Sus imágenes metafísicas lo acercan al surrealismo argentino de Roberto Aizenberg y Xul Solar, relacionándose fuertemente con la narrativa de Jorge Luis Borges a quien lo unió una profunda admiración y amistad

Síntesis Biográfica

Nació en Vinkonvci (Croacia) en 1923, llegando a nuestro país en 1949. Adoptó la ciudadanía argentina en 1958.
Su formación artística incluyó estudios de dibujo en Zagreb y de pintura en Roma, trasladándose luego a Madrid, donde proseguiría su formación en la Real Academia de San Fernando. Posteriormente, contactado con otros centros culturales y artísticos europeos profundizará su aprendizaje en Hungría, Austria y Francia. Ya instalado en la Argentina, expone en 1950, precedido por la reputación que habían generado sus muestras en Roma y Madrid. En el ámbito local su obra es muy bien recibida, lo que se traduce en la nómina de premios obtenidos a lo largo de su vida, y las muestras realizadas en importantes galerías de arte:
Gran Teatro Opera, Joraci, Huemul, Müller, Wildenstein y Van Riel. Posteriormente, sus viajes por nuestra geografía fueron aclarando su paleta, aunque su temática no dejó de mostrar al hombre en la desolación de paisajes de sugestiva irrealidad. La docencia ocupó buena parte de su tiempo en nuestro país. Radicado en Mendoza, enseñó en la Universidad Nacional de Cuyo y ejerció la dirección de su escuela de arte entre 1963 y 1966 donde fue homenajeado con el título de Profesor Honorario por la Universidad Nacional de Cuyo. Participó en el Premio Palanza en los años 1973, 1979 y 1983. En 1981 fue invitado por la Universidad de San Marcos de Lima y en 1982 ganó el “Premio Adquisición Gobierno de Santa Fe” del LIX Salón Anual de Santa Fe”. Vinculado a Jorge Luis Borges, sus ilustraciones para los relatos incluídos en el libro “Laberintos” le dieron amplia resonancia popular.
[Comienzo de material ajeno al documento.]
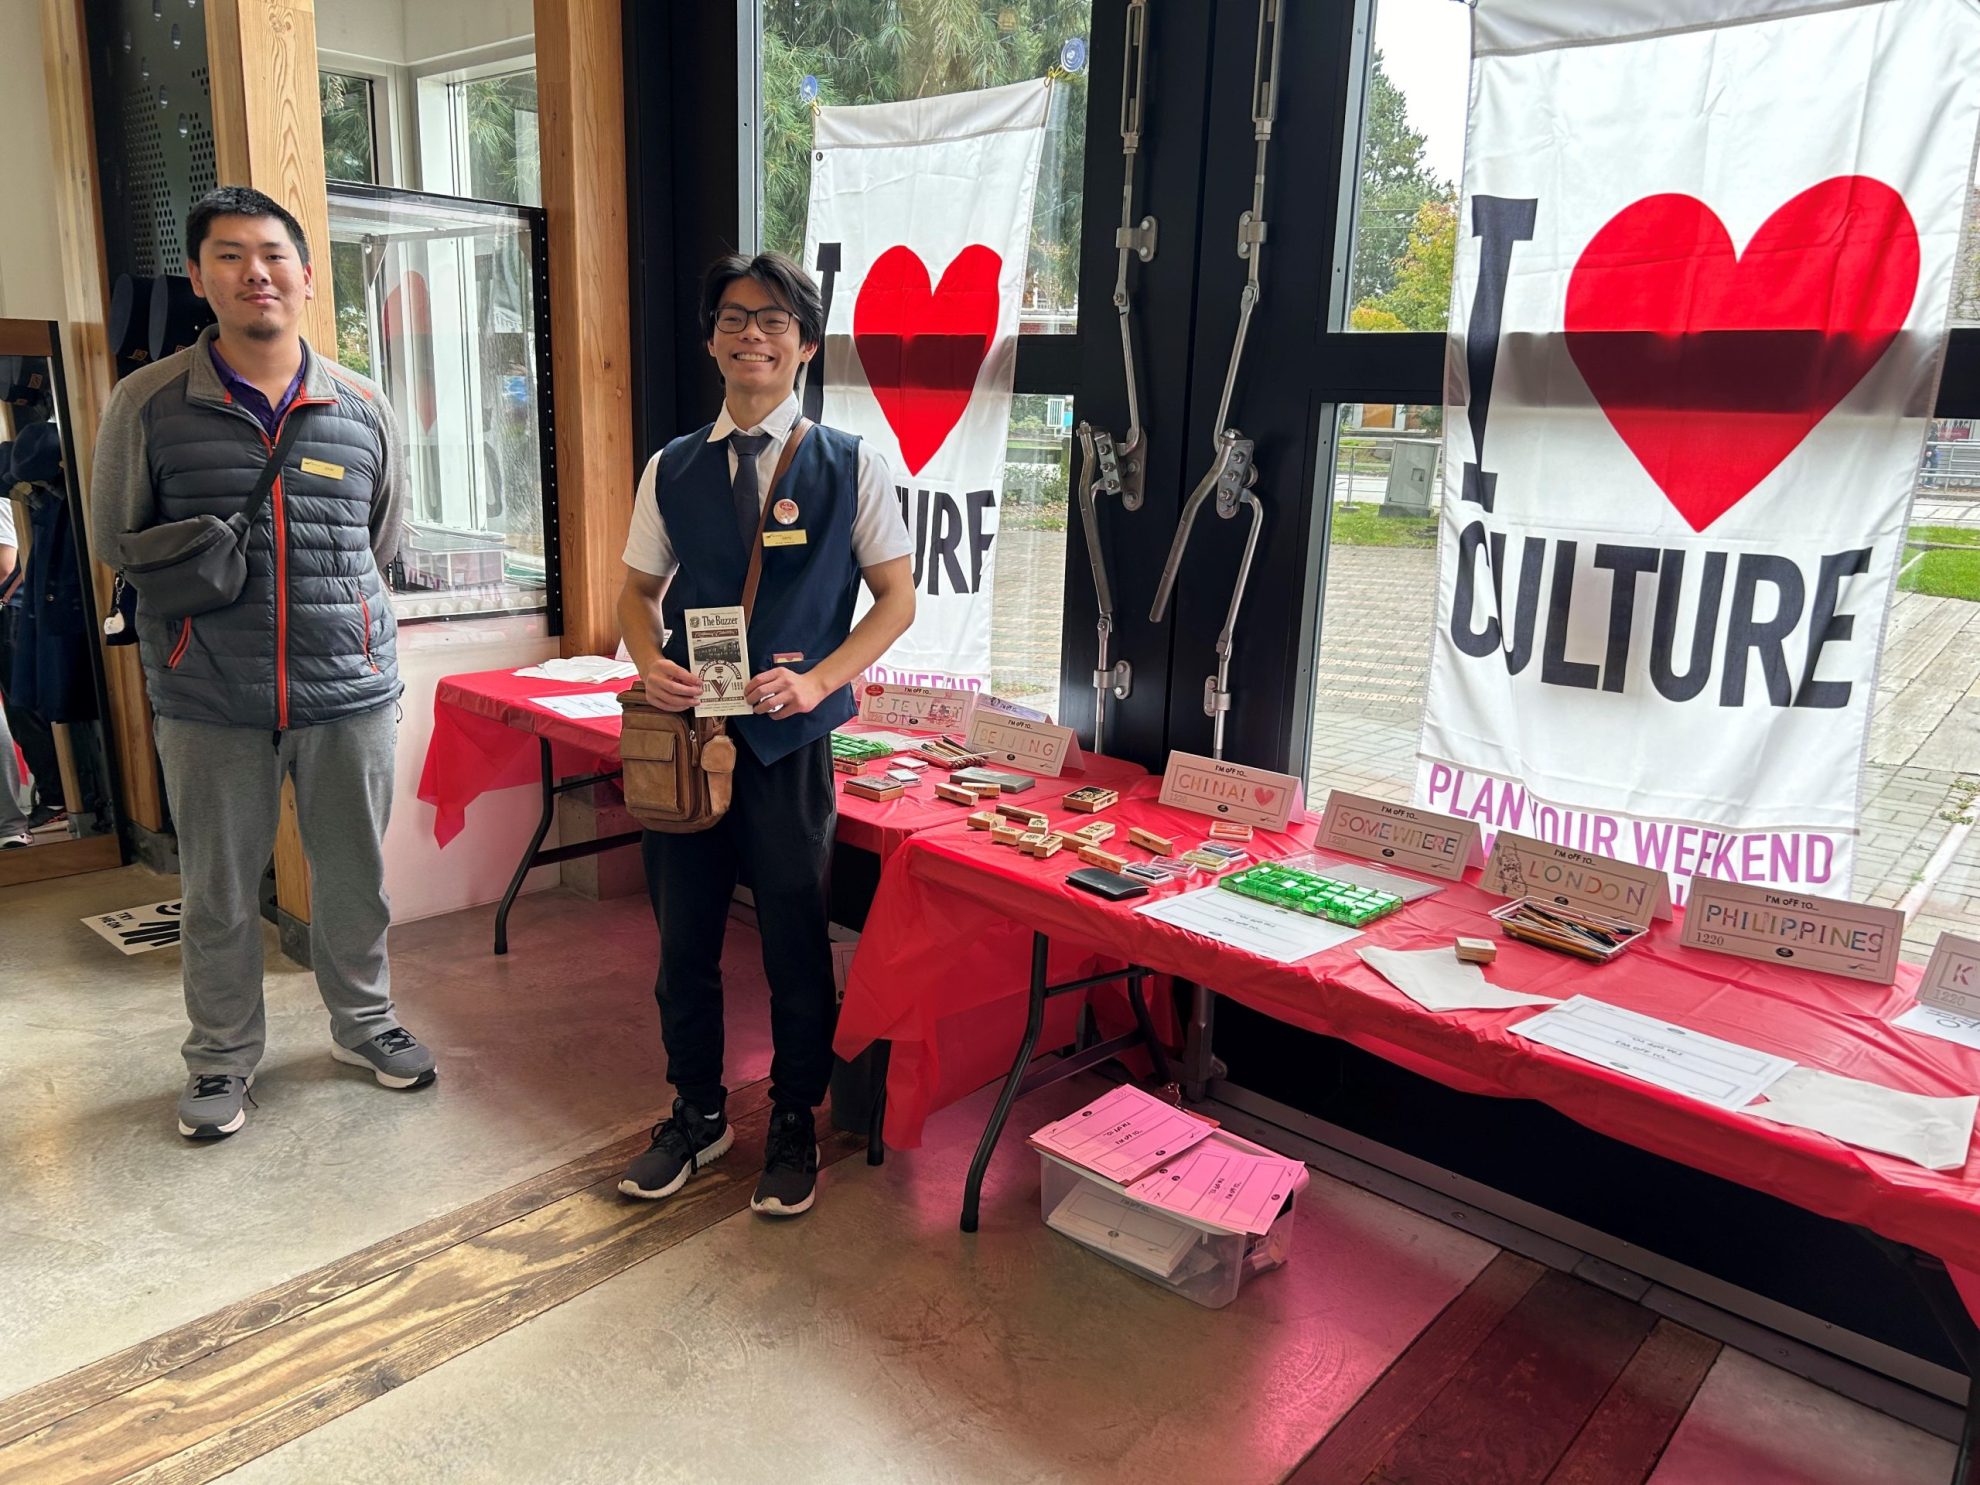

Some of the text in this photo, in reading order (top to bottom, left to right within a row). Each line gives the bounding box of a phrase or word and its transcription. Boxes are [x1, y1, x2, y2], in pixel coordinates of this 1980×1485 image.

[1462, 195, 1539, 513] I
[702, 615, 738, 626] The Buzzer
[1451, 520, 1873, 709] CULTURE
[980, 726, 1055, 757] BEIJING
[1178, 773, 1248, 803] CHINA!
[1429, 762, 1524, 831] PLAN
[1529, 796, 1618, 860] OUR
[1633, 819, 1834, 884] WEEKEND
[1528, 860, 1646, 906] LONDON
[1765, 894, 1781, 905] I'M
[1783, 897, 1799, 908] OFF
[1695, 931, 1725, 947] 1220
[1705, 904, 1884, 954] PHILIPPINES
[1935, 989, 1967, 1007] 1220
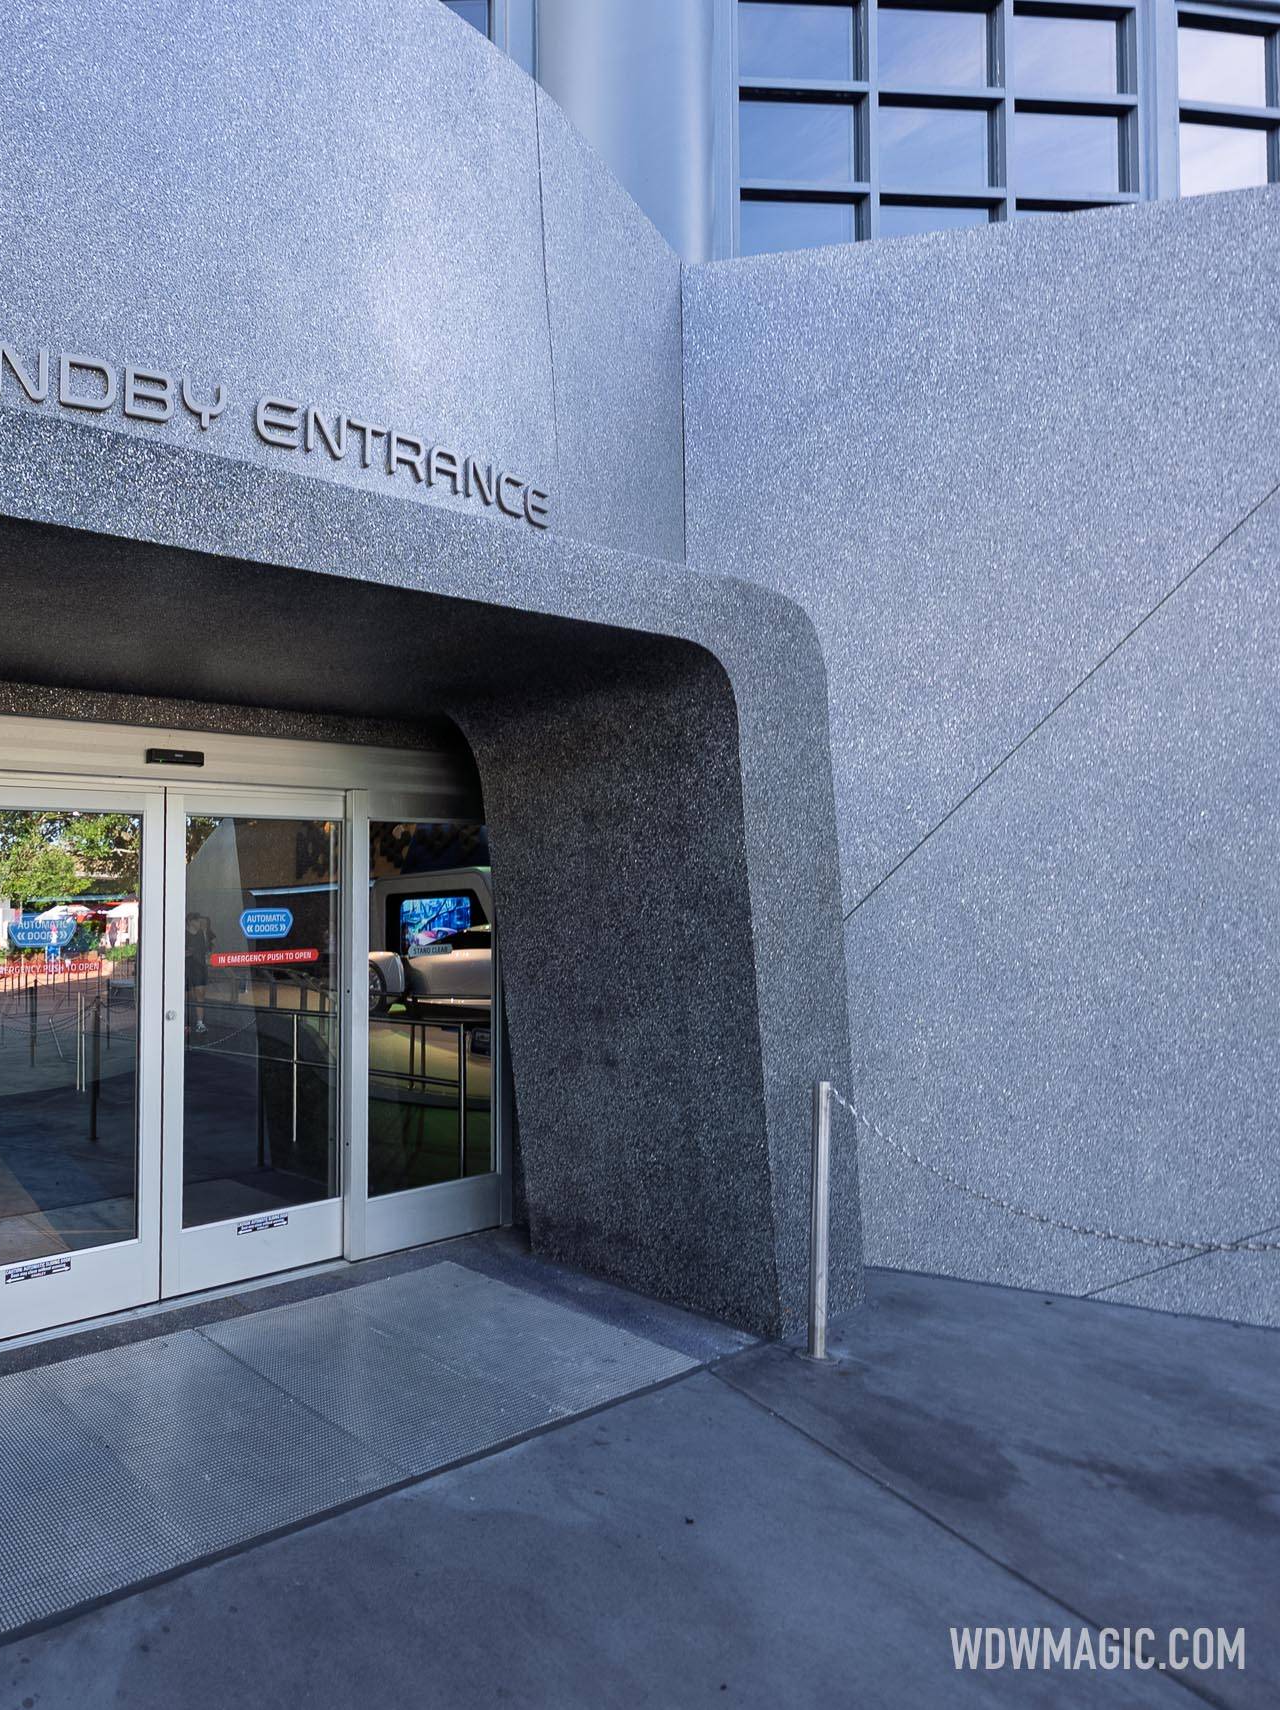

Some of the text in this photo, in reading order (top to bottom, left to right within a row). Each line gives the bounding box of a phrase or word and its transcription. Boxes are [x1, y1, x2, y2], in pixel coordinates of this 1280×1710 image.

También Ilustró “Once rostros y un poema” de Alberto Girri.
Expuso sus pinturas y dibujos en Panamá, Londres, Tokio y otras ciudades del Japón, Lima, Zagreb, La Habana, Santiago de Chile, Ottawa, Pekín y México.
El arte argentino se vio altamente distinguido cuando en 1981, en ocasión de su cuarto centenario, la histórica Gallería degli Ufficci de Florencia, decidió incorporar a su colección de autorretratos de artistas el de Zdravko Ducmelic.